Niye hiçbir yere kök salamadım. Keşke daha mı erken çekip gitseydim. Hayır bir şey değişmezdi ki o zaman. Keşke köyde doğmasaydım. Veya anne babamı hiç tanımasaydım buraları da hiç görmemiş olsaydım. Kendimi ait hissedeceğim kadar ne köyde durdum ne de şehre ve oradakilere ayak uydurabildim. Tam olarak istediğim şeyin adını da koyamadım. Ben böyle böyle yaşlanacağım sanırım. Orada burada, yalnız başıma, karar veremeyerek, çok şey hissederek, yabancılaşarak, pişman olarak… Kendimde de fazla bulunmadım. Yeni anlıyorum.

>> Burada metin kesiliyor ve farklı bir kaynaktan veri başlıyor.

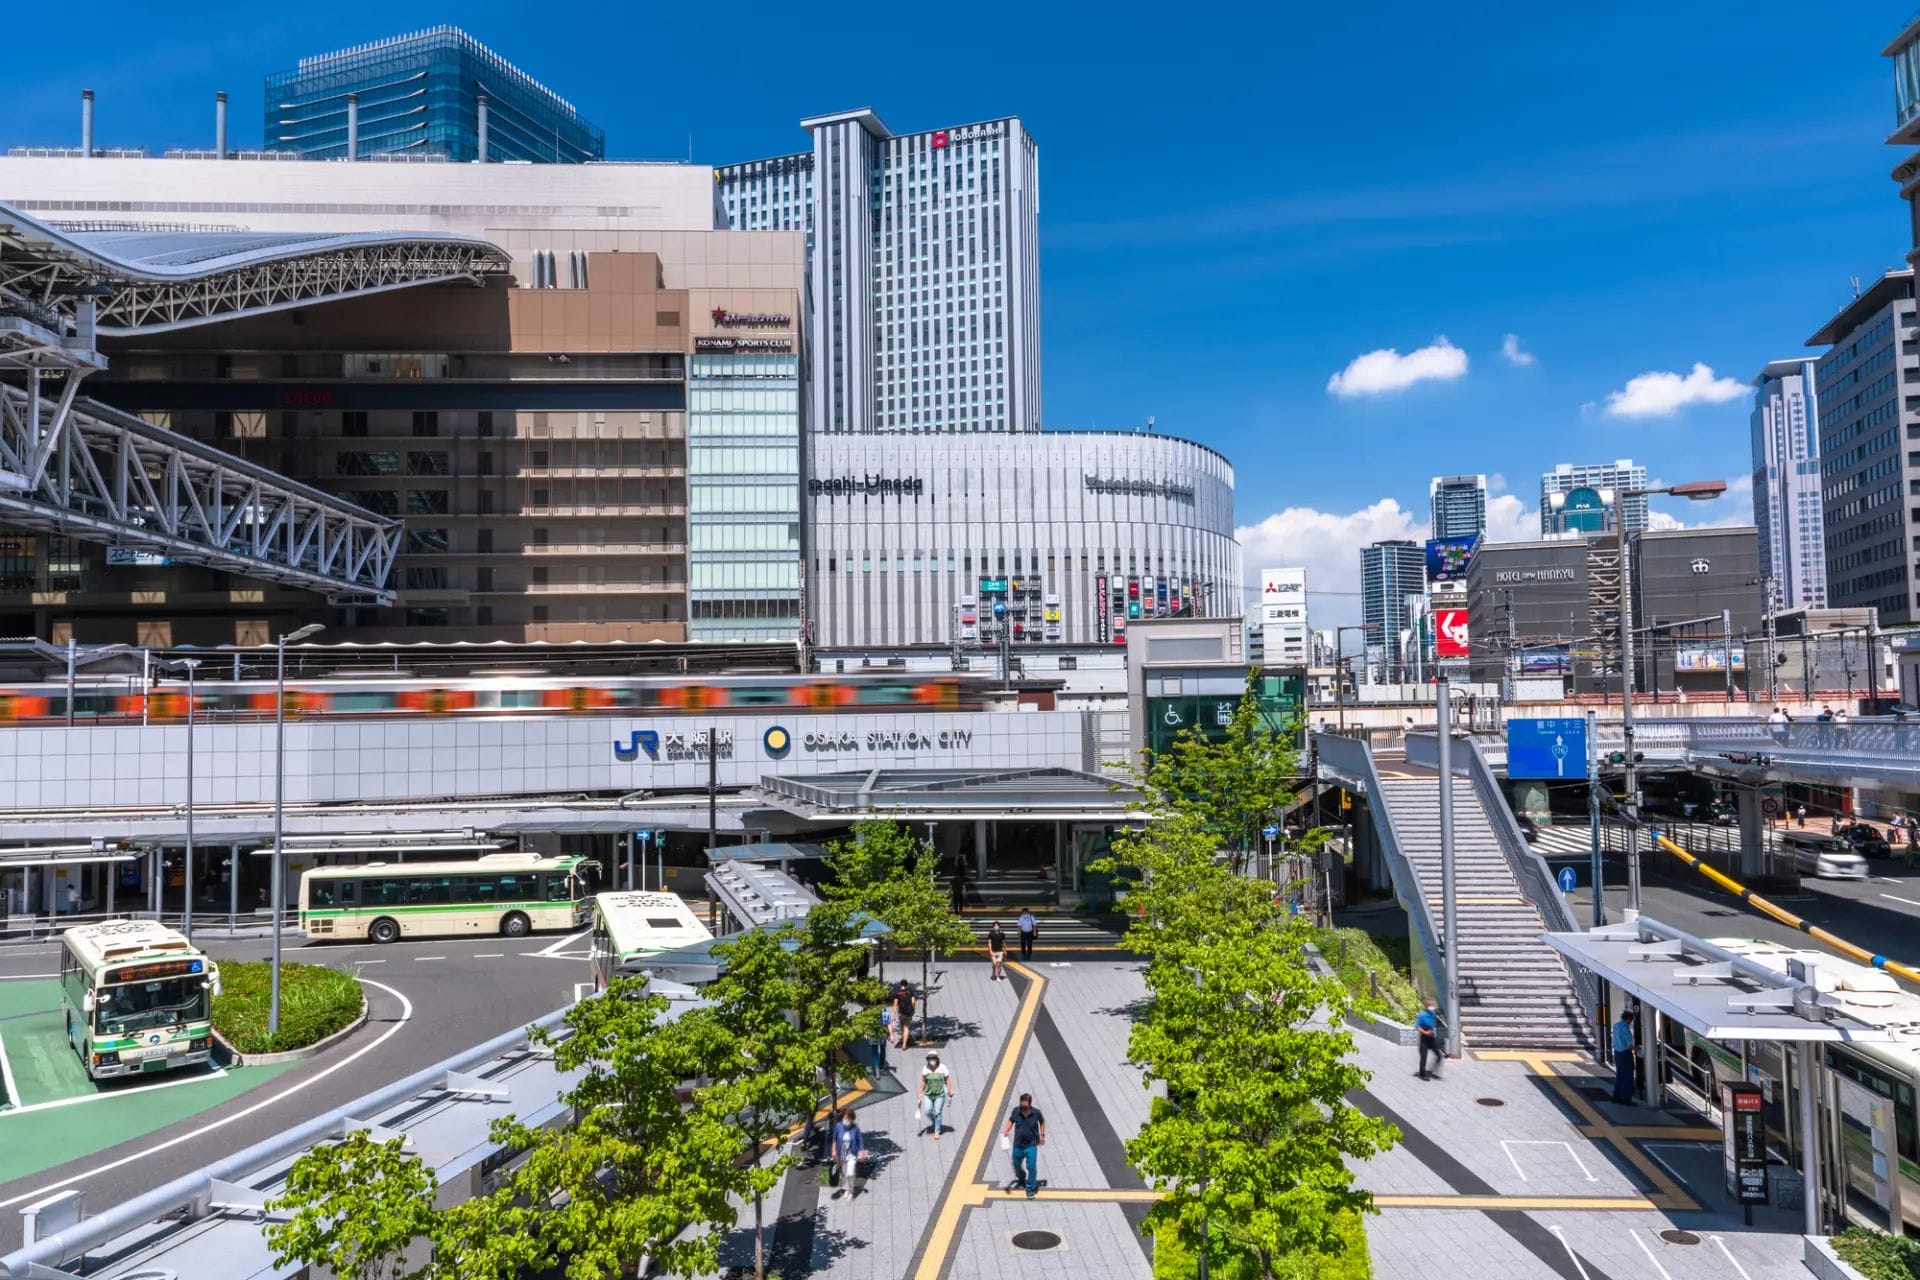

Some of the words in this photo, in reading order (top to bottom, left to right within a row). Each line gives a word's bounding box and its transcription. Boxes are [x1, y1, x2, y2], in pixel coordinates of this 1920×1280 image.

[1496, 571, 1520, 581] HOTEL
[1537, 568, 1574, 580] HANKYU
[614, 731, 659, 760] JR
[664, 730, 732, 745] 大阪駅
[804, 731, 857, 748] OSAKA
[867, 730, 932, 747] STATION
[938, 728, 972, 746] CITY
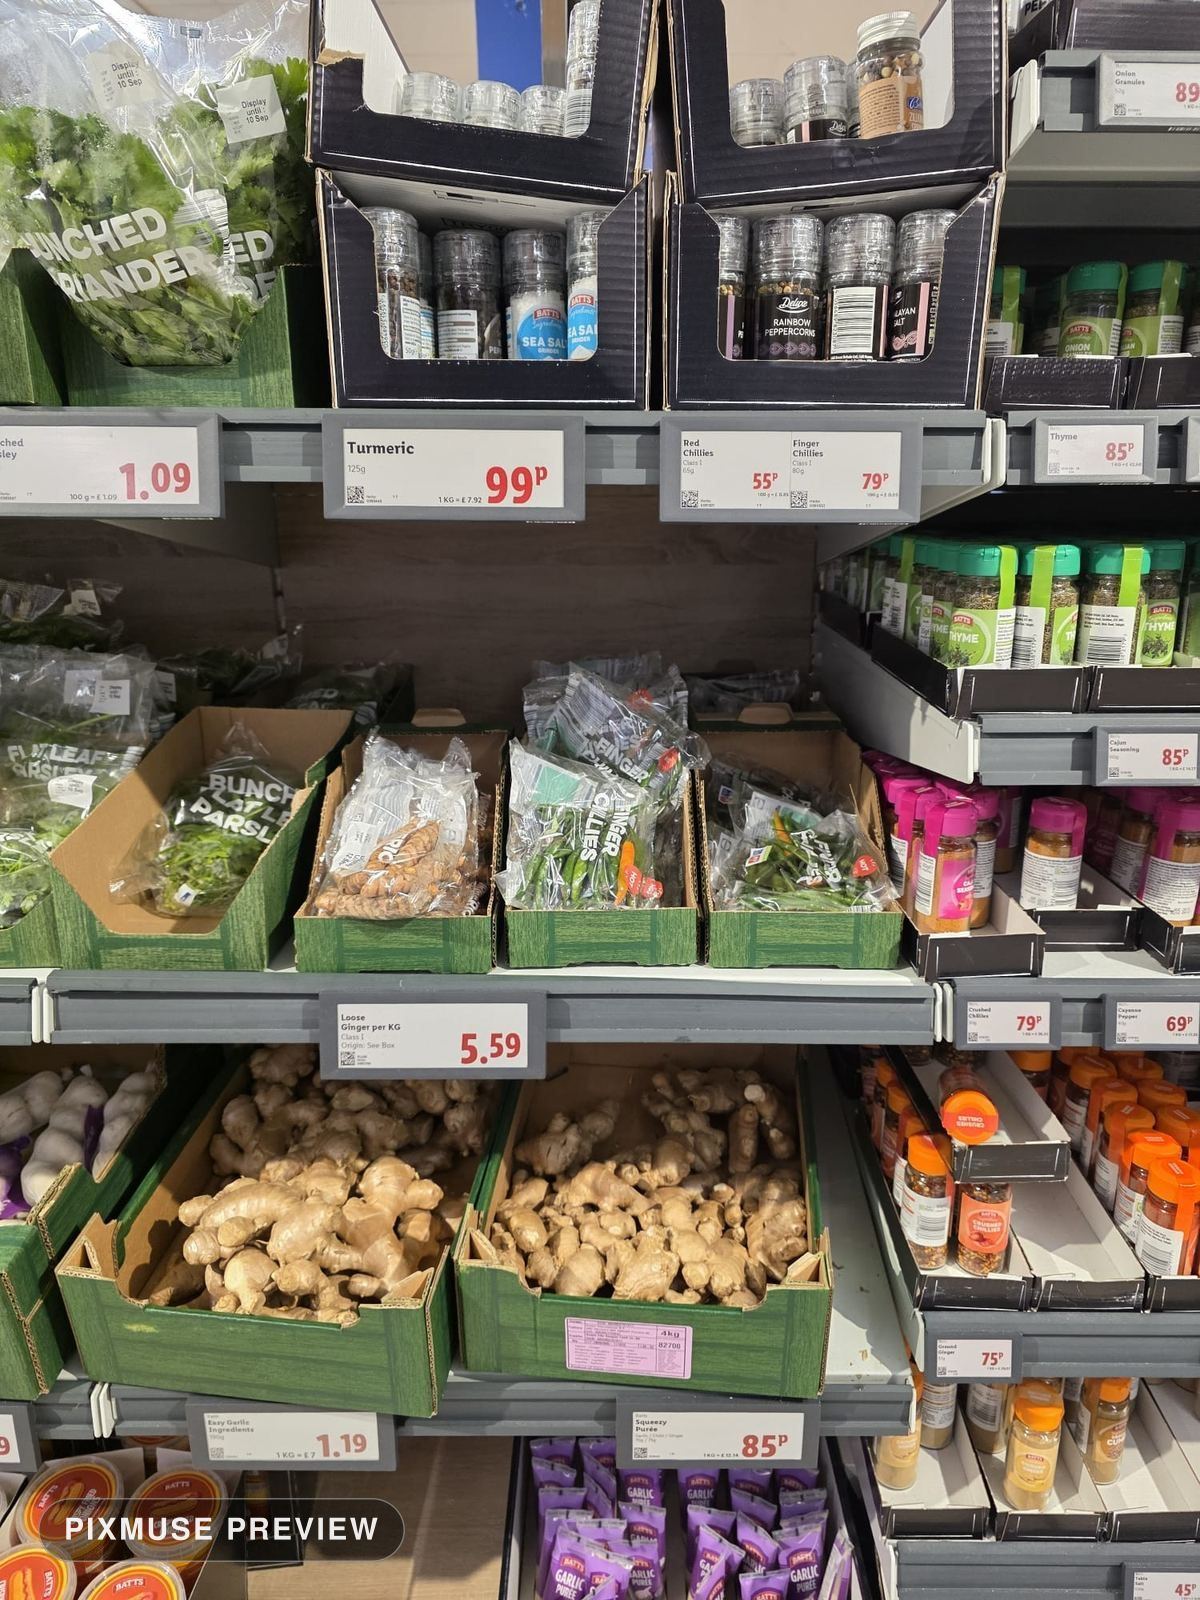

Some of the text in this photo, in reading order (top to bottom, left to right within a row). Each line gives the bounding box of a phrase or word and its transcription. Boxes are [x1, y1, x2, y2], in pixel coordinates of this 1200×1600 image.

[111, 61, 139, 73] Display
[117, 71, 134, 79] until
[117, 78, 142, 89] 10 Sep
[1115, 78, 1145, 86] Granules
[1175, 82, 1200, 103] 89
[241, 98, 267, 109] Display
[246, 107, 262, 116] until
[246, 114, 269, 125] 10 Sep
[778, 297, 808, 310] Deluxe
[536, 309, 560, 318] BATTS
[773, 318, 811, 327] RAINBOW
[764, 328, 815, 337] PEPPERCORNS
[522, 337, 546, 347] SEA
[1064, 344, 1090, 353] ONION
[683, 439, 700, 447] Red
[1050, 433, 1078, 442] Thyme
[347, 441, 415, 455] Turmeric
[793, 439, 820, 449] Finger
[683, 449, 714, 457] Chillies
[792, 449, 824, 458] Chillies
[1105, 442, 1134, 461] 85p
[347, 464, 366, 475] 125g
[119, 462, 191, 501] 1.09
[486, 465, 548, 504] 99p
[753, 472, 778, 490] 55p
[862, 472, 889, 490] 79p
[438, 496, 442, 504] 1
[443, 496, 454, 504] KG
[461, 496, 466, 504] £
[467, 496, 482, 504] 7.92
[1162, 748, 1189, 766] 85p
[629, 870, 638, 888] HOT
[341, 1014, 366, 1022] Loose
[1016, 1015, 1042, 1031] 79p
[341, 1023, 401, 1033] Ginger per KG
[1166, 1016, 1193, 1032] 69p
[341, 1033, 359, 1041] Class
[341, 1041, 395, 1050] Origin: See Box
[460, 1032, 521, 1065] 5.59
[981, 1352, 1003, 1366] 75p
[316, 1433, 368, 1458] 1.19
[741, 1434, 788, 1458] 85p
[282, 1451, 295, 1459] KG
[164, 1480, 191, 1491] BATTS
[627, 1486, 655, 1499] GARLIC
[687, 1489, 714, 1500] GARLIC
[790, 1564, 820, 1583] GARLIC
[115, 1578, 145, 1592] BATTS
[555, 1569, 585, 1592] GARLIC
[1174, 1583, 1197, 1597] 45p
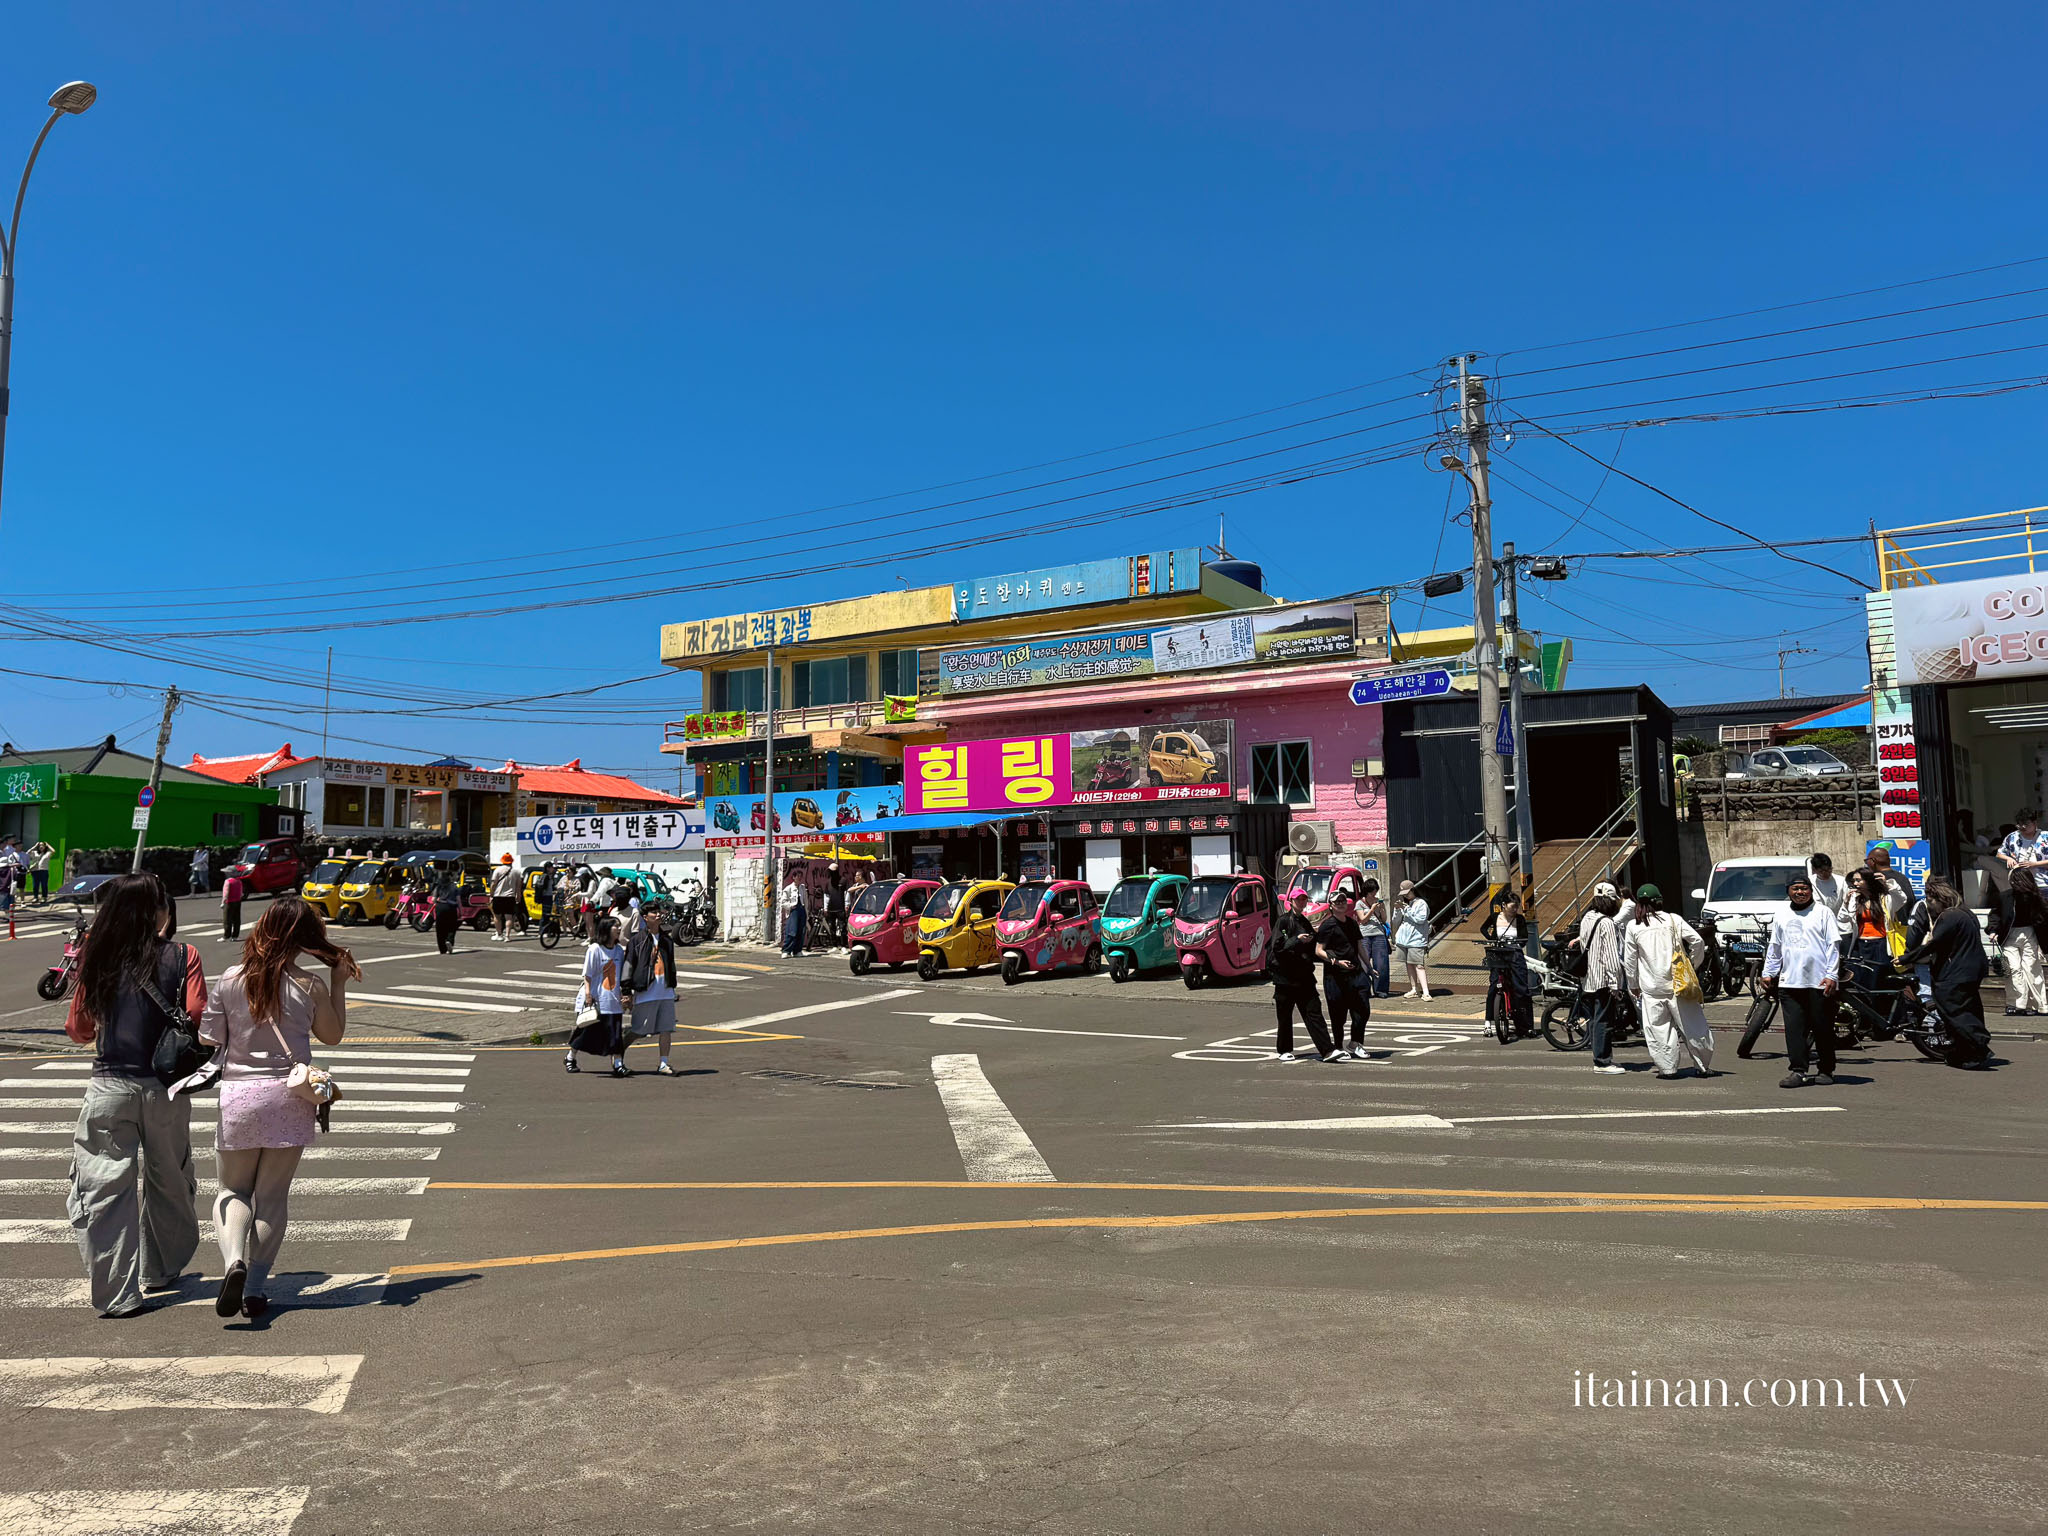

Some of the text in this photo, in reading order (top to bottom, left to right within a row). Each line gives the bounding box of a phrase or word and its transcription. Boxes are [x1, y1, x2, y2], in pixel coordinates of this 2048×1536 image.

Birine kendimi tanıtamamamın sebebi bu işte. Ben buyum ben şuyum ben şunu severim şunu sevmem bunu hep böyle yaparım her zaman şunu seçerim küçüklüğümden beri şuraya giderim…bunları hiçbir zaman demedim. Diyemedim. Diyemeyeceğim de. Hiçbir hareketim tercihim hep diyecek kadar genel değil. İstikrarlı değil. Yaşamımda hiçbir şeyin tarihi yok. Tarihsizim.

Gece iyi geceler dedik. Yenmeyen kekler çinko tasta kaldı.

Babam sesini ayarlayamayarak anneme sordu. Hatırlamak için artık çok geç. Değil mi? Annem hiç bakmadığı kadar sivri bir bakışla babamı susturdu Buyurur gibi cevap veriyor daha alçak bir sesle. Bekleyeceğiz. Tabi ki bir gün hatırlayacak.

Bir gün. O bir günü beklemeyeceğim. Gece odamda ışığı açmadan eşyalarımı topladım. Geçen gün pikabı uzaktaki yolun kenarına bırakmıştım. Uyandırmadan gazlayıp toz olabilirim. Burayı unutabilirim. Evime gideceğim. Sofada bir erkek çocuğunun içeriden gülümsediği çerçeveyi çantama atıyorum. Evden son kez bir nefes içime çekiyorum. Bu nefes tüm bedenime tüm hücrelerime damarlarıma etime kemiğime işliyor. Böyle düşünmek vicdanımı da rahat ettiriyor. Marşa basıp direksiyonu çeviriyorum. Aynamdan geride kalan eve bakıyorum.

Bir perde kıpırdıyor. Sanki. Ama ışık açılmıyor.

Belliydi diyorlar birbirlerine. Yatmaya devam ediyorlar.